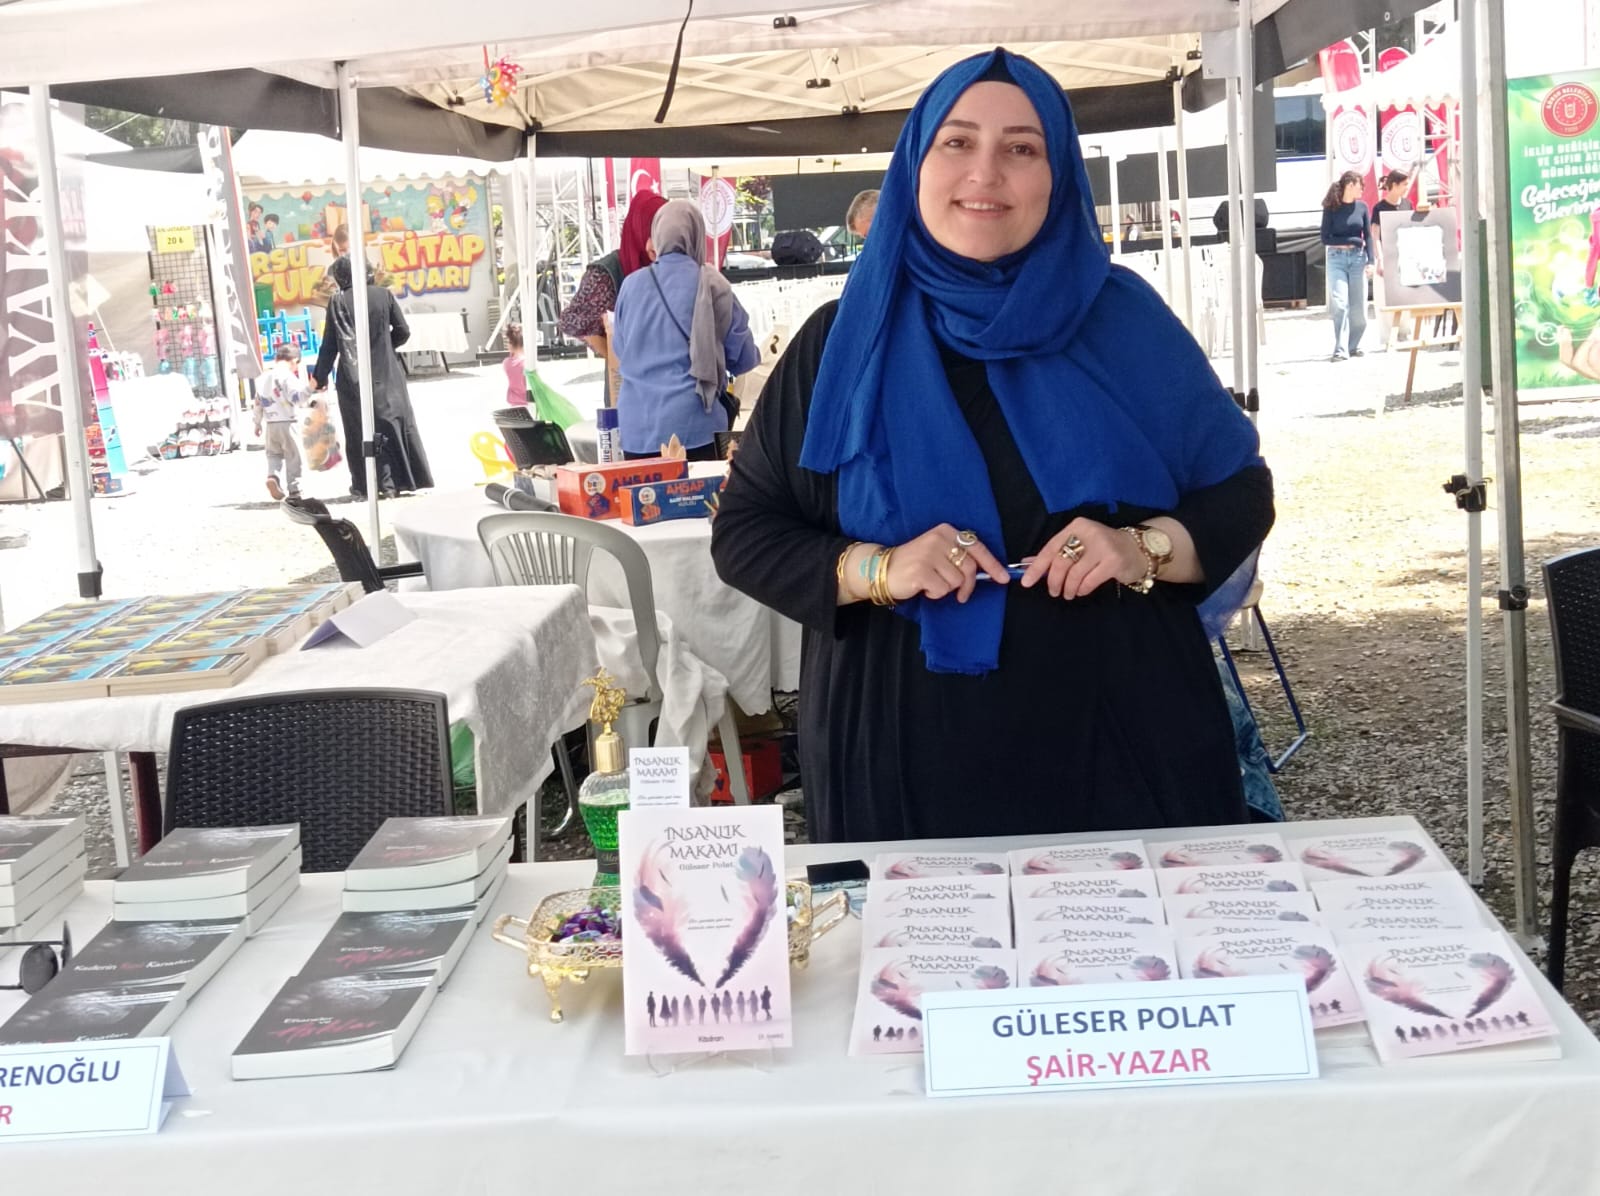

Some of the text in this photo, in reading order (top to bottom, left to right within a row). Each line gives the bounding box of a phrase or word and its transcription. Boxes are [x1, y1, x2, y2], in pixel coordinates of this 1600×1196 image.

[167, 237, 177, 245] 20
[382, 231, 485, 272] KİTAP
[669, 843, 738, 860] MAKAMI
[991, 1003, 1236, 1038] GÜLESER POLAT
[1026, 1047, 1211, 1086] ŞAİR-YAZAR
———
Problem to work on → Omit every picture while copying the listing above exactly.

Response to this exercise →
Some of the text in this photo, in reading order (top to bottom, left to right within a row). Each line gives the bounding box of a phrase or word and its transcription. Boxes are [x1, y1, x2, y2], in pixel coordinates of this 1600×1196 image.

[167, 237, 177, 245] 20
[382, 231, 485, 272] KİTAP
[669, 843, 738, 860] MAKAMI
[991, 1003, 1236, 1038] GÜLESER POLAT
[1026, 1047, 1211, 1086] ŞAİR-YAZAR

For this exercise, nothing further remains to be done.